[Extracted records]
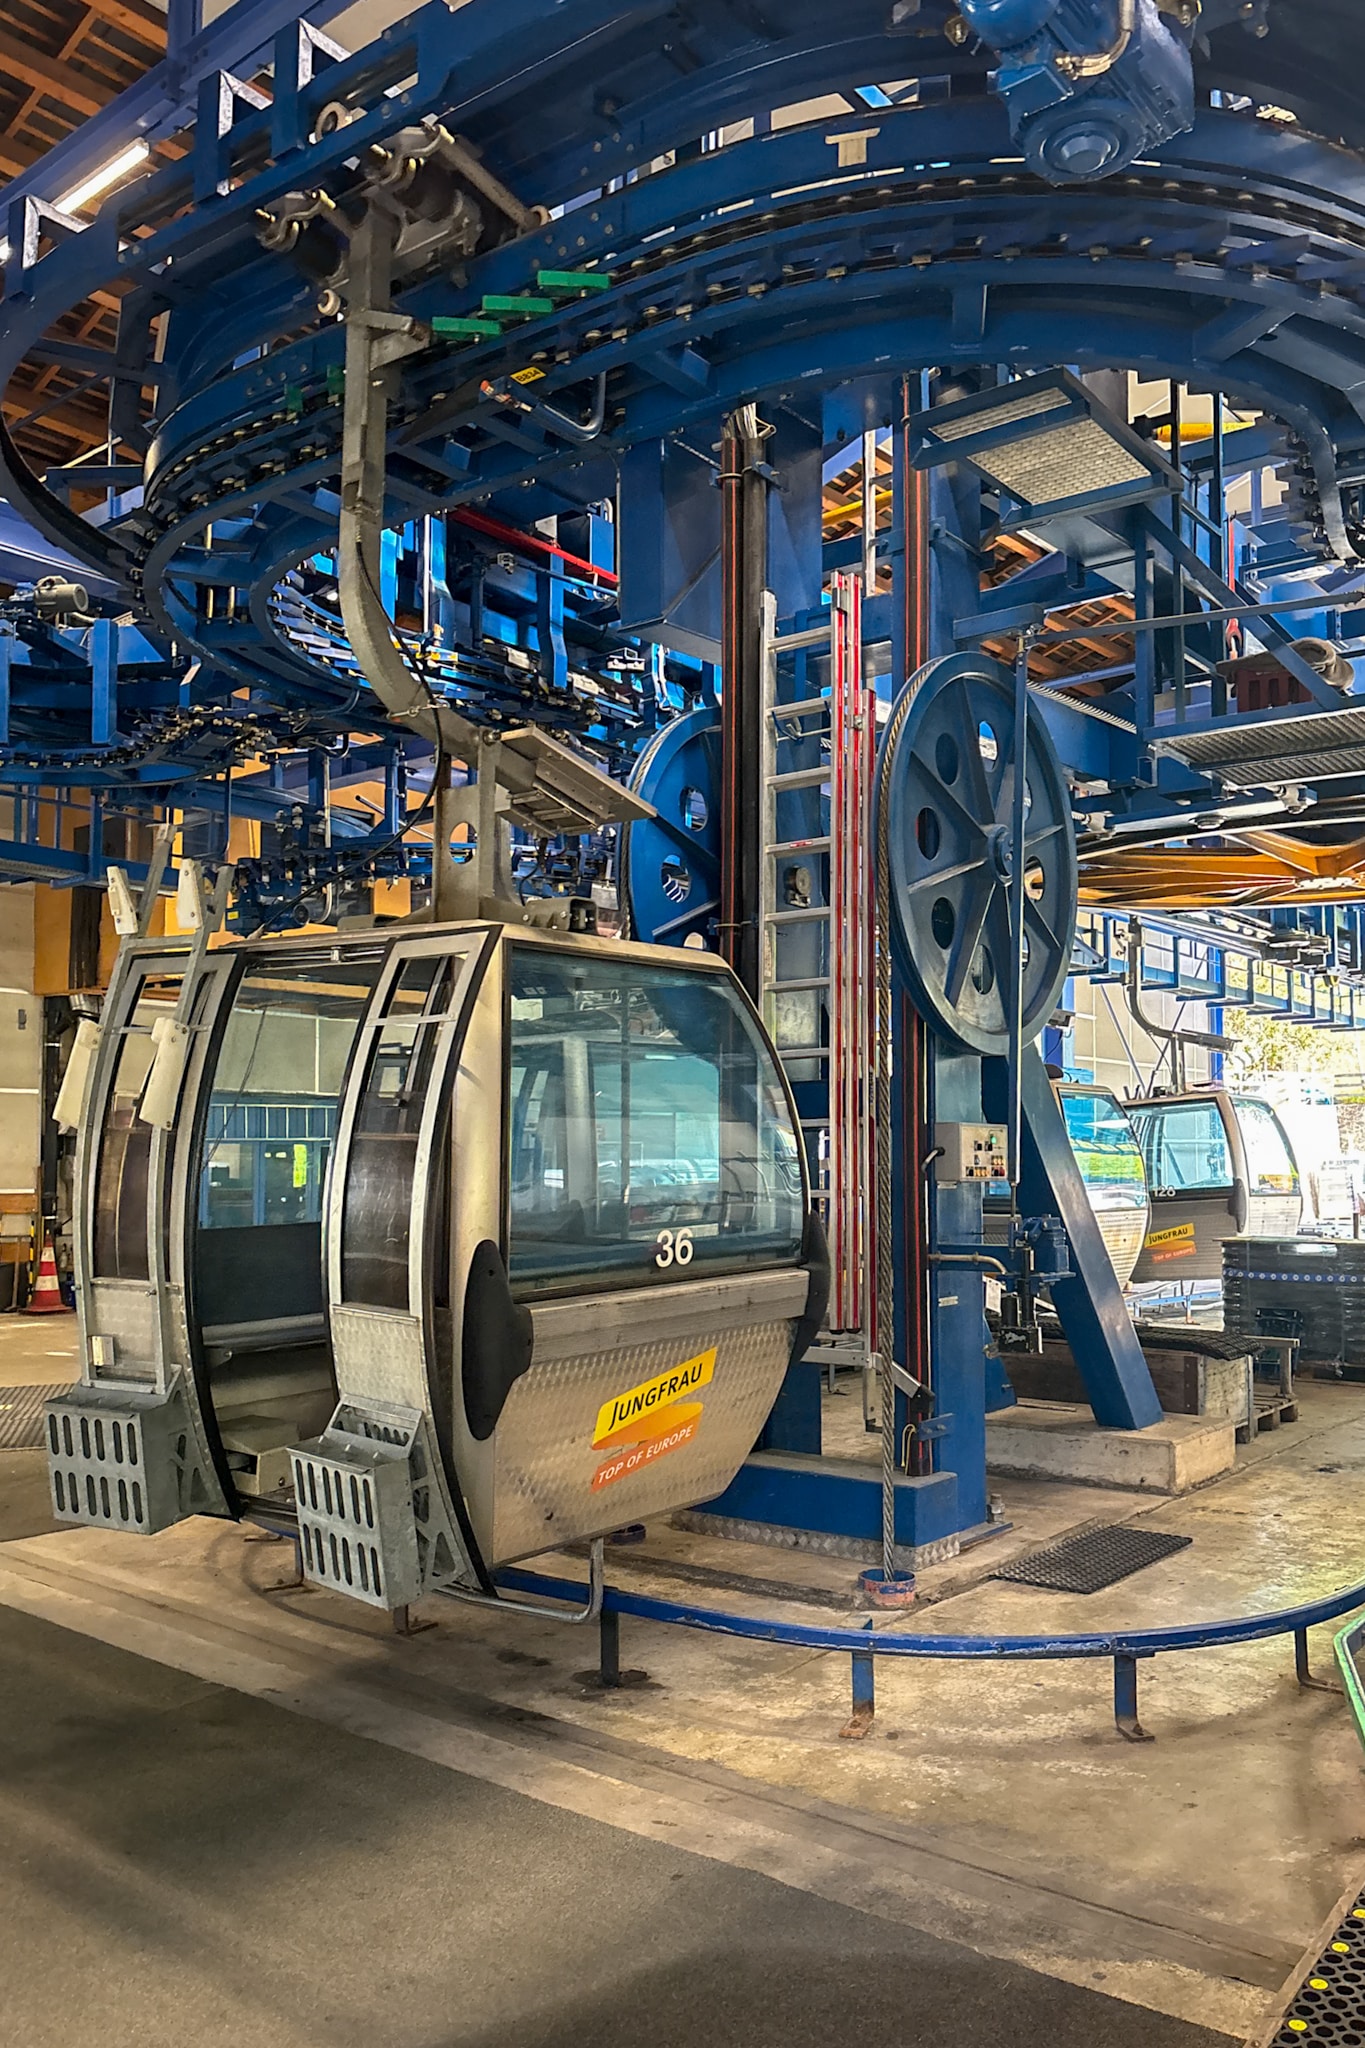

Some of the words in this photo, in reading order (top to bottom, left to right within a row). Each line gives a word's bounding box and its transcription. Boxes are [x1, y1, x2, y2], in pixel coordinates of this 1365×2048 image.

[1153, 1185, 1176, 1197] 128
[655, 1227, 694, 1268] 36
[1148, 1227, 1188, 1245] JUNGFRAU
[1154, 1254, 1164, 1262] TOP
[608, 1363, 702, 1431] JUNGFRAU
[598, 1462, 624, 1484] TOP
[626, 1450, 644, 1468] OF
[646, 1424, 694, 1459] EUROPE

ACTIVITY >> Copy each record exactly. Leave any images out of the copy.

OUTPUT OF THE EXERCISE >>
Some of the words in this photo, in reading order (top to bottom, left to right within a row). Each line gives a word's bounding box and its transcription. Boxes are [x1, y1, x2, y2], in pixel coordinates of this 1365×2048 image.

[1153, 1185, 1176, 1197] 128
[655, 1227, 694, 1268] 36
[1148, 1227, 1188, 1245] JUNGFRAU
[1154, 1254, 1164, 1262] TOP
[608, 1363, 702, 1431] JUNGFRAU
[598, 1462, 624, 1484] TOP
[626, 1450, 644, 1468] OF
[646, 1424, 694, 1459] EUROPE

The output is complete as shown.